Geoff Chappell - Software Analyst
The NT_IMAGE_INFO structure (formally _NT_IMAGE_INFO) is the type of a variable named NtImageInfo which the Windows kernel exports in the 1703 release of Windows 10 and higher. This variable is statically initialised, such that its contents are meaningful even before the kernel executes. The variable thus provides the boot loader, e.g., WINLOAD.EFI, with information about the kernel that it has just loaded. If only in principle, the NT_IMAGE_INFO might describe capabilities that the loader could adapt to in its preparation for the kernel’s first execution, but the only use the loader yet makes of the information is to decide whether the kernel fits the loader’s expectations well enough that execution can proceed.

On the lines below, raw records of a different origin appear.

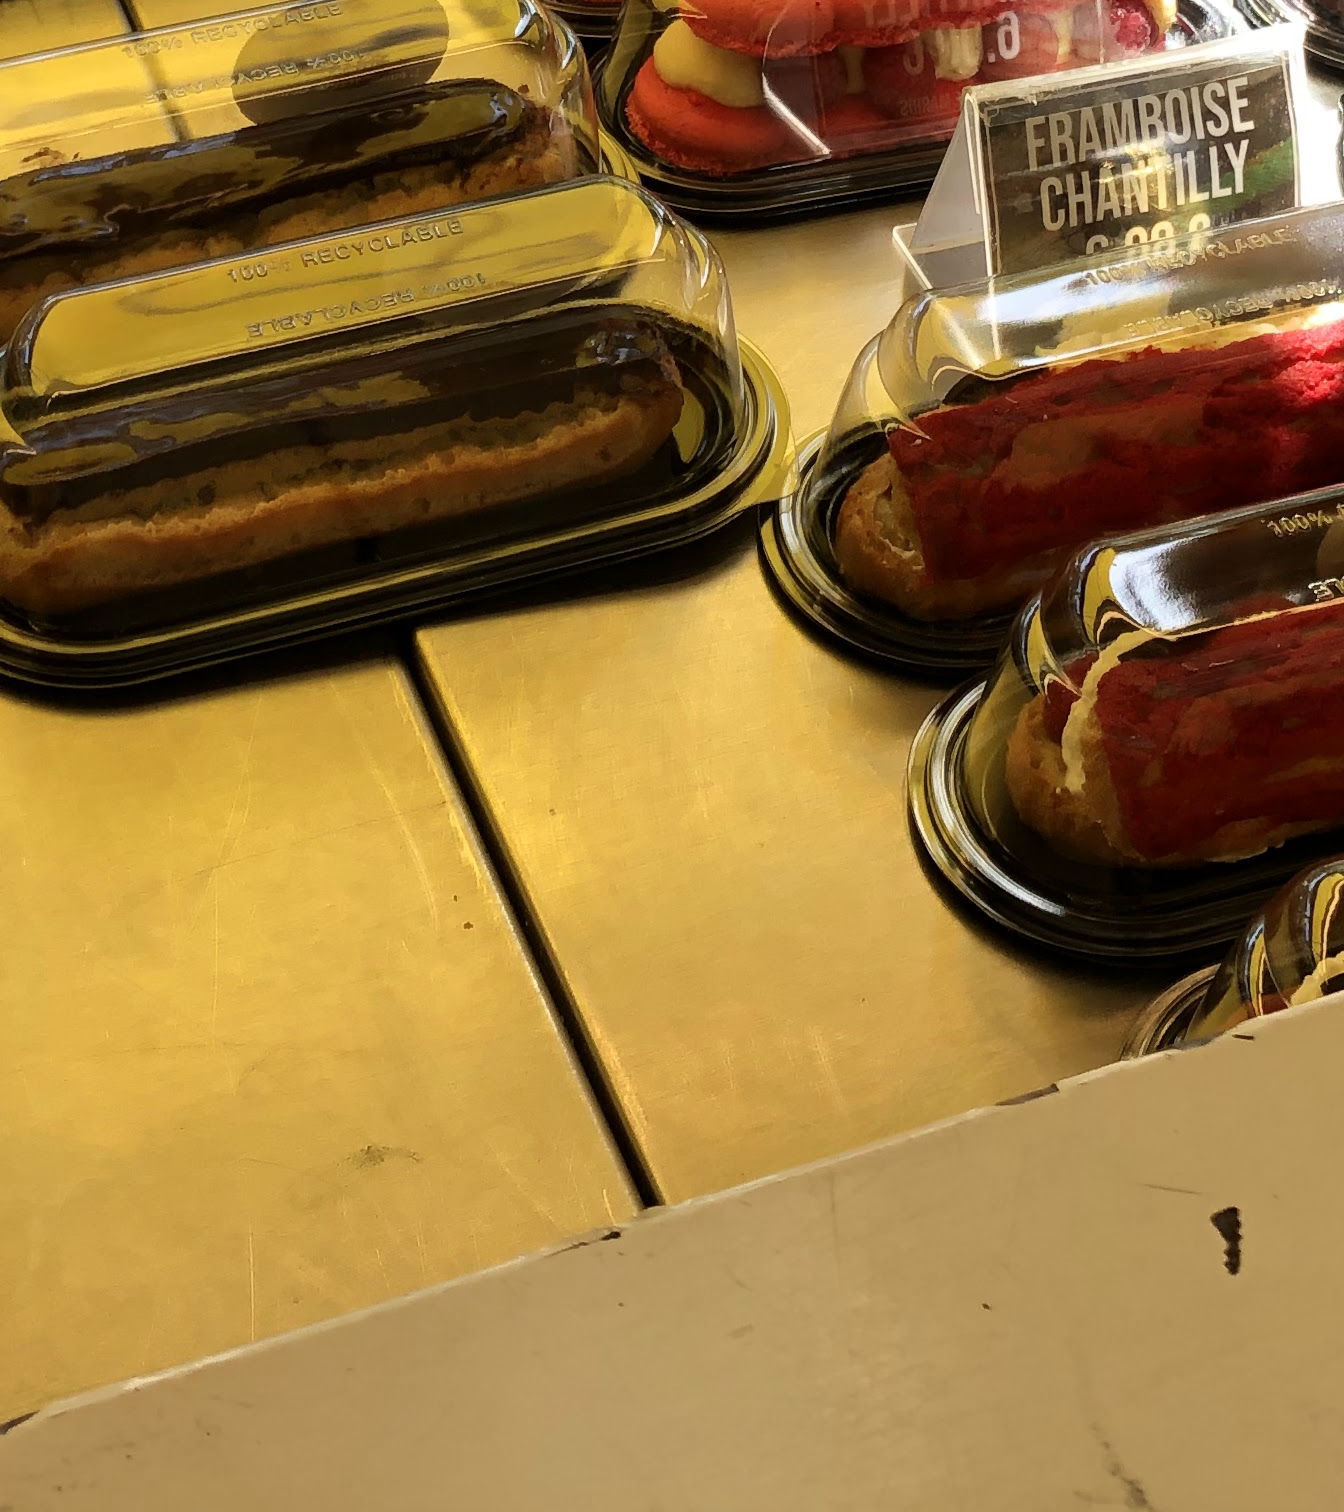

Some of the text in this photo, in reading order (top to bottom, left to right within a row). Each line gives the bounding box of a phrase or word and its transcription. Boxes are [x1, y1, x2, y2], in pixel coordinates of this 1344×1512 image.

[190, 4, 342, 45] RECYCLABLE
[1025, 76, 1255, 172] FRAMBOISE
[1039, 139, 1252, 232] CHANTILLY
[301, 219, 464, 269] RECYCLABLE
[246, 288, 415, 339] RECYCLABLE
[1264, 510, 1333, 538] 100%

At least to the 2004 release of Windows 10, the information in the NT_IMAGE_INFO comprises version numbers and the sizes of important structures that the loader prepares for the kernel’s initialisation. Because these structures are undocumented—not even given C-language definitions in headers from contemporaneous editions of the Windows Driver Kit (WDK)—and the memory that holds them is freed when the kernel completes its initialisation, the suggestion is strong that the boot loader is the only intended importer of the NtImageInfo variable and thus the only intended interpreter of the NT_IMAGE_INFO.

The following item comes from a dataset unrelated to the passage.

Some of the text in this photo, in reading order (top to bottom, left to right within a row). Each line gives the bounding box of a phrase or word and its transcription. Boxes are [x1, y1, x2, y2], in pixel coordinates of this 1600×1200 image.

That said, the variable is not discarded and the NT_IMAGE_INFO structure is not without value to kernel-mode software that seeks a programmatic determination of the Windows version. Interfaces exist for obtaining the build number, but this is not readily correlated with the roughly half-yearly updates that Microsoft promotes as significant advances rather than mere updates. From the NT_IMAGE_INFO, they can learn the NTDDI version number from the kernel in contrast to repeatedly asking the RtlIsNtddiVersionAvailable function whether the kernel is at least some particular NTDDI version number.

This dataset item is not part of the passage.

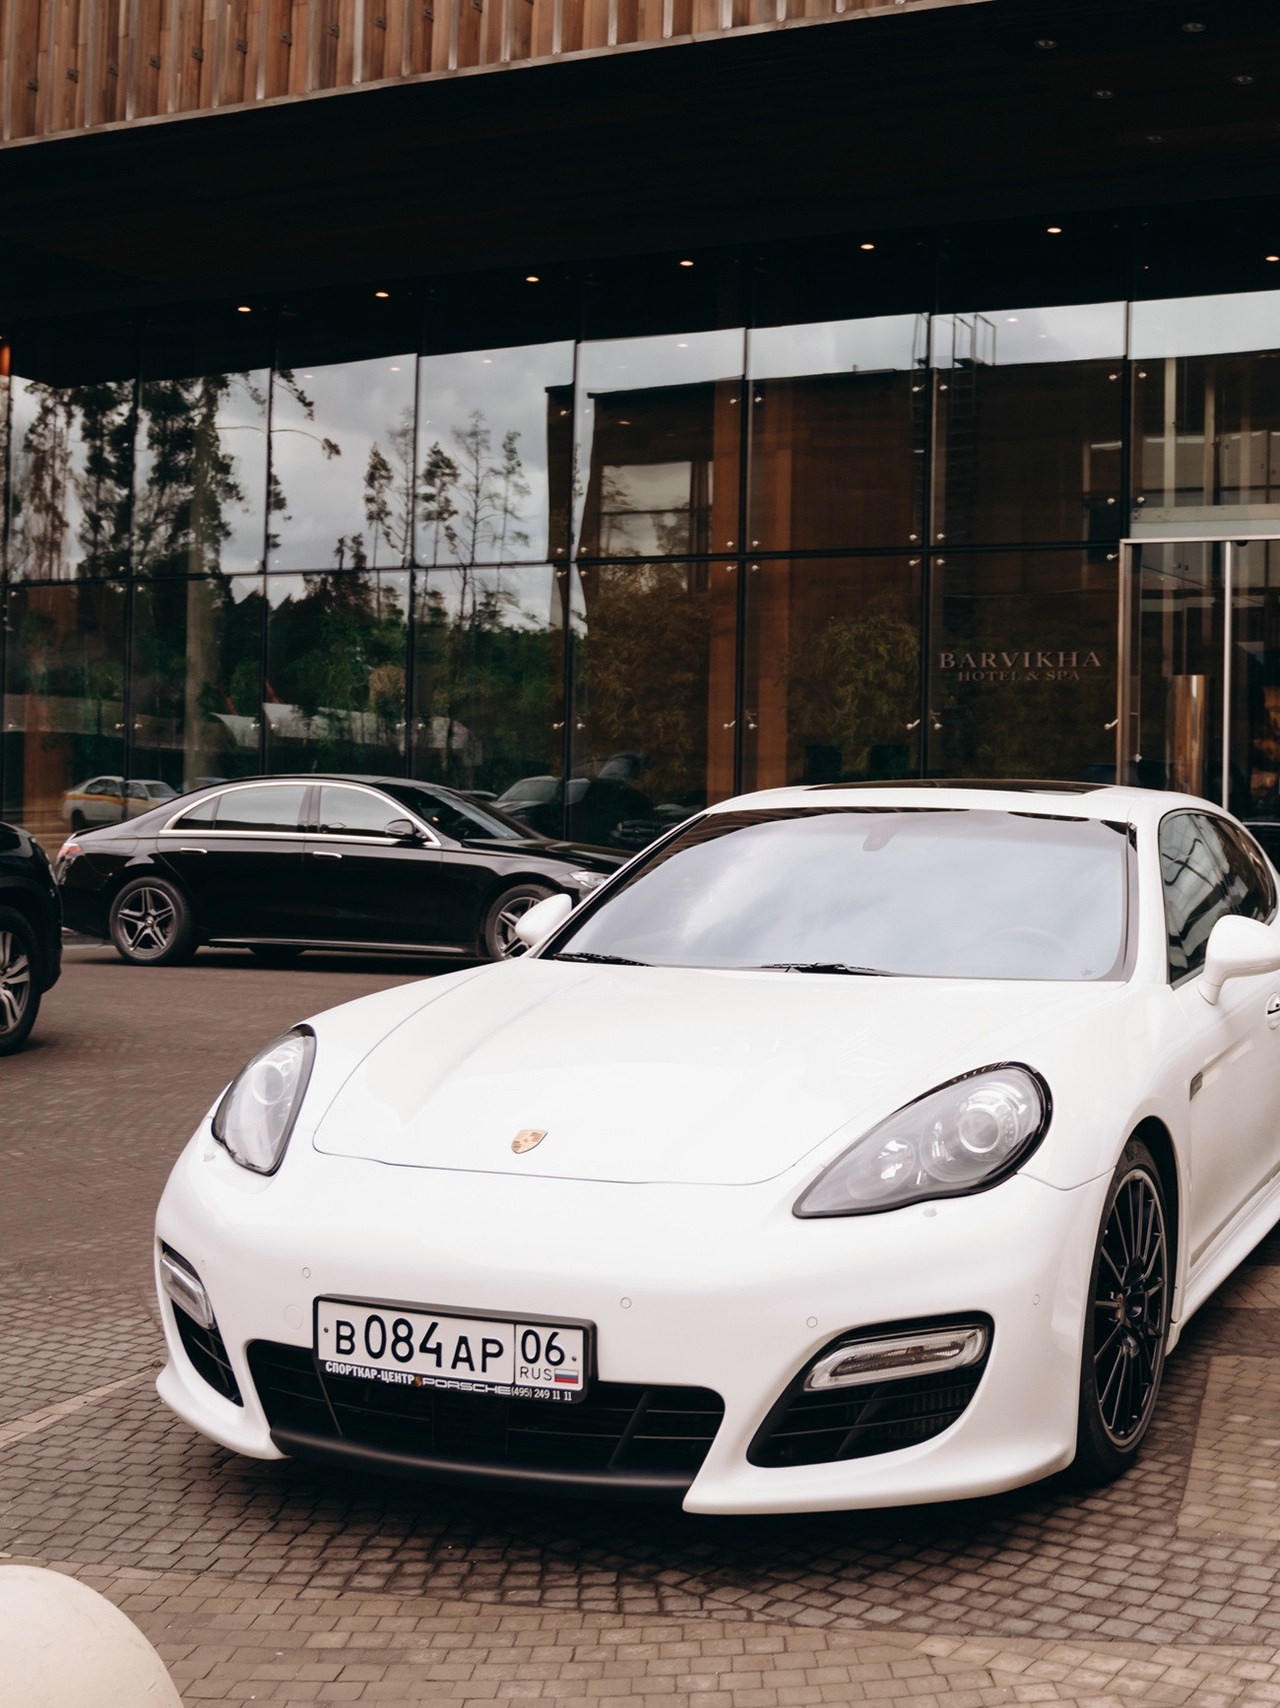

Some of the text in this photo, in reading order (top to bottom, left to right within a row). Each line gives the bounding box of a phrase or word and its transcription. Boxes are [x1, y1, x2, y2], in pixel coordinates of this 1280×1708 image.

The NT_IMAGE_INFO is 0x18 bytes in both 32-bit and 64-bit Windows, in all versions that are yet known to have it. The structure is not documented. It is not defined in any header, nor even is it known from public symbols. The structure’s name and the offsets and definitions of its members are instead known from type information in the statically linked library CLFSMGMT.LIB for the 1703 to 1903 releases of Windows 10.
Offset | Definition | Versions |
---|---|---|
0x00 |
ULONG Version; |
1703 and higher |
0x04 |
ULONG OsMajorVersion; |
1703 and higher |
0x08 |
ULONG OsMinorVersion; |
1703 and higher |
0x0C |
ULONG MajorRelease; |
1703 and higher |
0x10 |
ULONG LoaderBlockSize; |
1703 and higher |
0x14 |
ULONG LoaderExtensionSize; |
1703 and higher |
The Version is presumably of the structure. The only value yet observed for any kernel is 0. The OsMajorVersion and OsMinorVersion look to be straightforwardly the major and minor version numbers of Windows, which are notoriously unhelpful for being 10 and 0 in all new releases of Windows for getting on to a decade. What would once upon a time have counted as at least a service pack, if not a minor version, is instead reported as the MajorRelease. This is an NTDDI version number as defined in the SDKDDKVER.H header. This version number starts at 0x0A000003 for the 1703 release. It has been incremented for all but one of the roughly bi-annual updates (the 1909 release being for all practical effect a minor rebuild of the 1903 release). This brings it to 0x0A000008 for the 2004 release, which is the last that is yet studied for this note.
The LoaderBlockSize and LoaderExtensionSize are respectively the sizes in bytes of the LOADER_PARAMETER_BLOCK and LOADER_PARAMETER_EXTENSION.